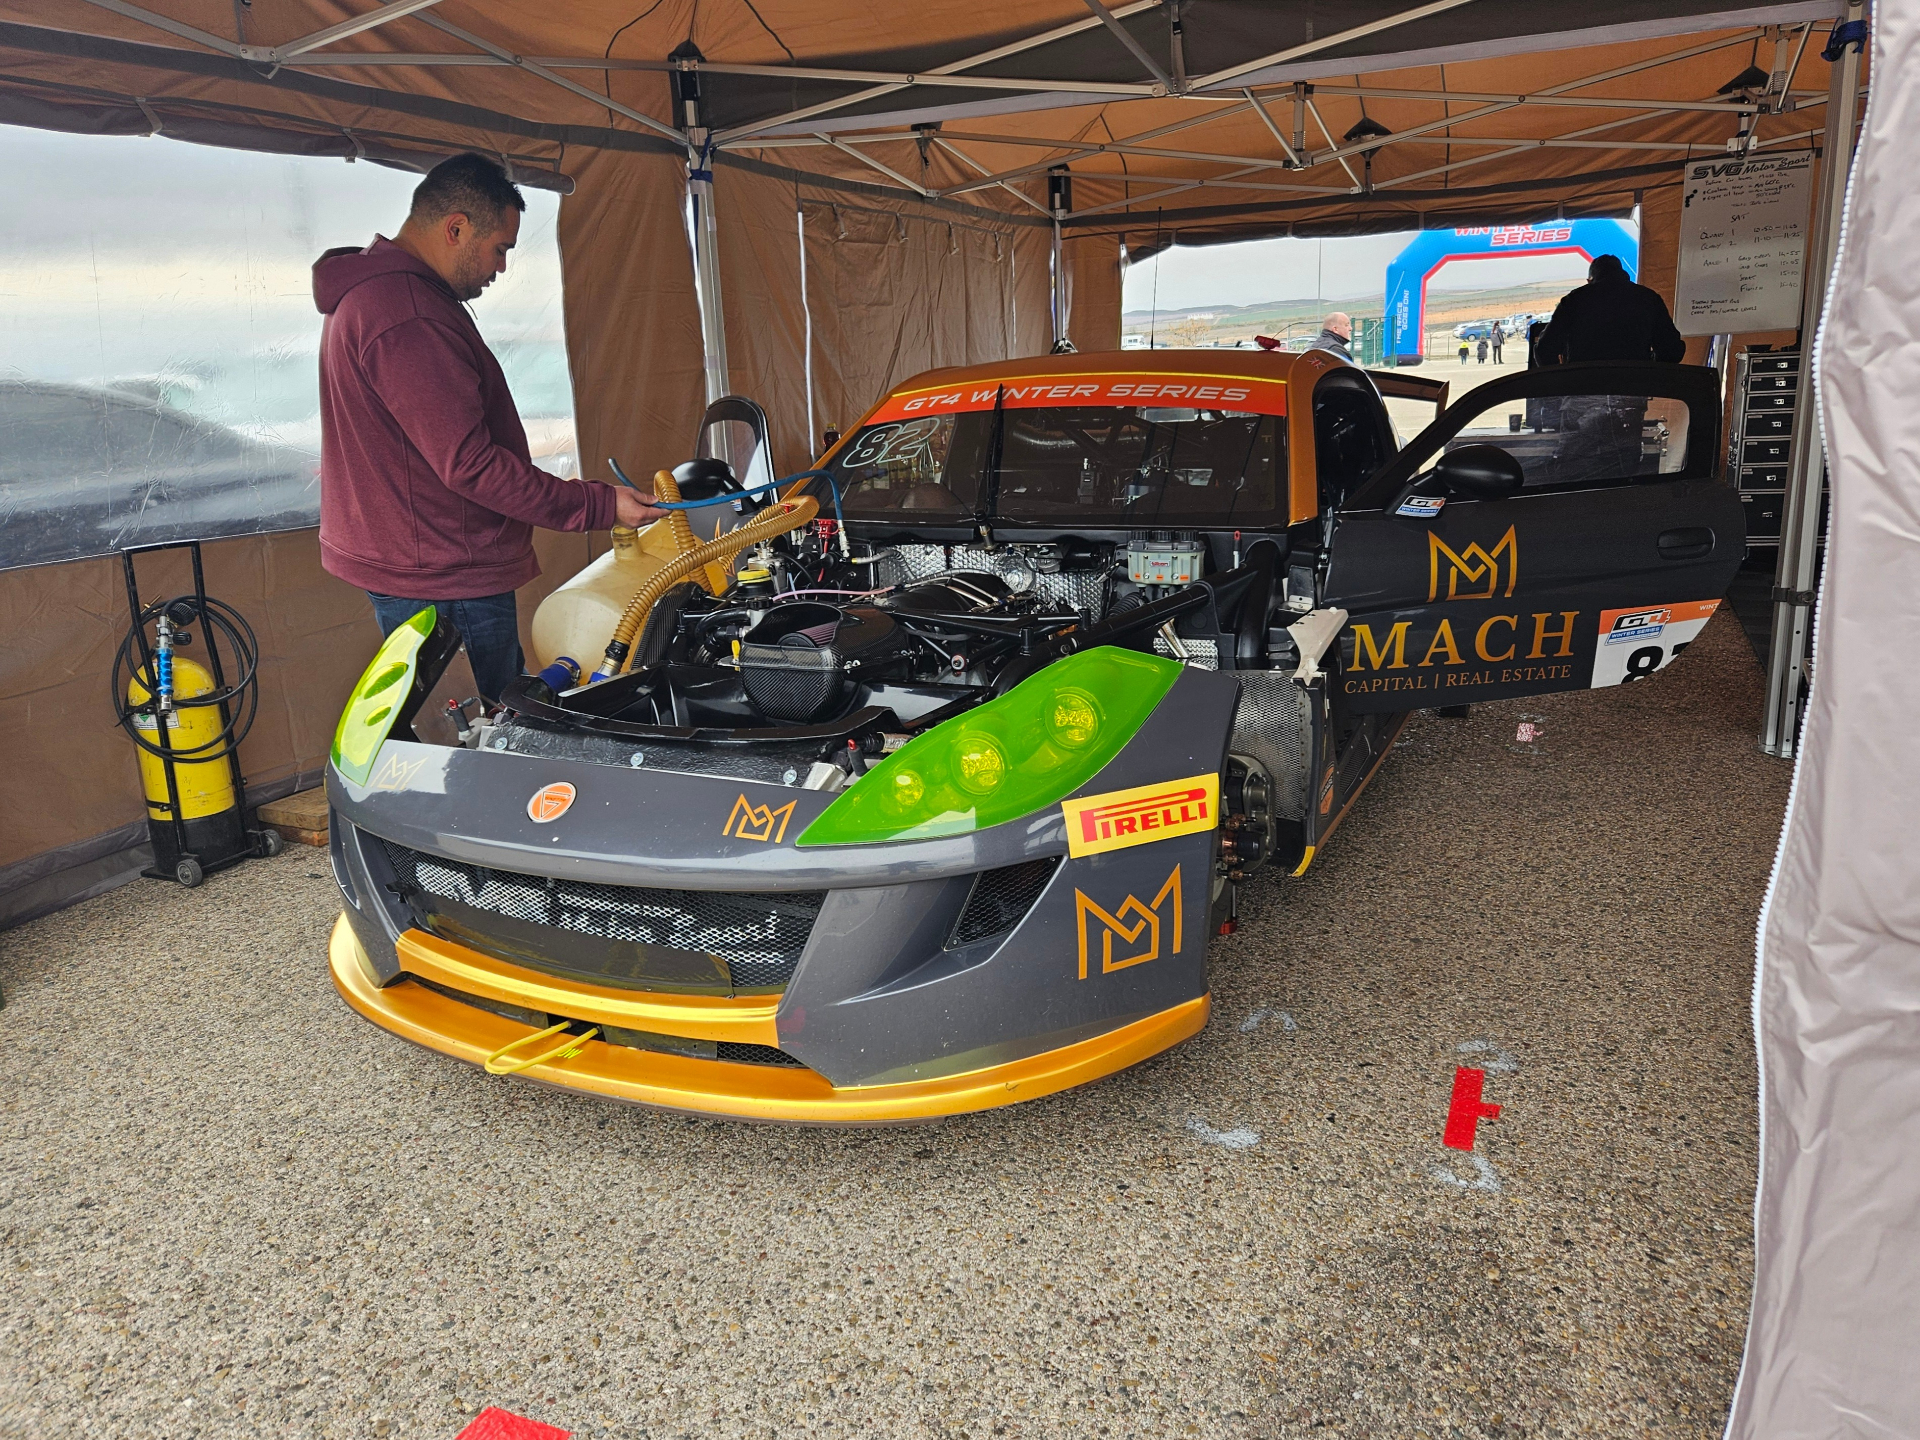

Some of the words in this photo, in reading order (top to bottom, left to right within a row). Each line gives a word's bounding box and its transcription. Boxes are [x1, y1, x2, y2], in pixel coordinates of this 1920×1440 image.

[1690, 162, 1745, 180] SVG
[1742, 163, 1775, 175] Motor
[1779, 153, 1811, 169] Sport
[1491, 228, 1571, 246] SERIES
[903, 392, 960, 411] GT4
[1107, 383, 1252, 402] SERIES
[842, 417, 941, 468] 82
[1611, 630, 1635, 639] WINTER
[1636, 626, 1660, 635] SERIES
[1619, 610, 1670, 629] GT4
[1346, 610, 1580, 672] MACH
[1345, 675, 1428, 694] CAPITAL
[1445, 670, 1495, 688] REAL
[1501, 664, 1572, 683] ESTATE
[1079, 788, 1208, 843] PIRELLI

==================================================

### PROBLEM DETAILS
Could you set down every record above word for word, leaving out the pictures?

### ANSWER TO THIS EXERCISE
Some of the words in this photo, in reading order (top to bottom, left to right within a row). Each line gives a word's bounding box and its transcription. Boxes are [x1, y1, x2, y2], in pixel coordinates of this 1920×1440 image.

[1690, 162, 1745, 180] SVG
[1742, 163, 1775, 175] Motor
[1779, 153, 1811, 169] Sport
[1491, 228, 1571, 246] SERIES
[903, 392, 960, 411] GT4
[1107, 383, 1252, 402] SERIES
[842, 417, 941, 468] 82
[1611, 630, 1635, 639] WINTER
[1636, 626, 1660, 635] SERIES
[1619, 610, 1670, 629] GT4
[1346, 610, 1580, 672] MACH
[1345, 675, 1428, 694] CAPITAL
[1445, 670, 1495, 688] REAL
[1501, 664, 1572, 683] ESTATE
[1079, 788, 1208, 843] PIRELLI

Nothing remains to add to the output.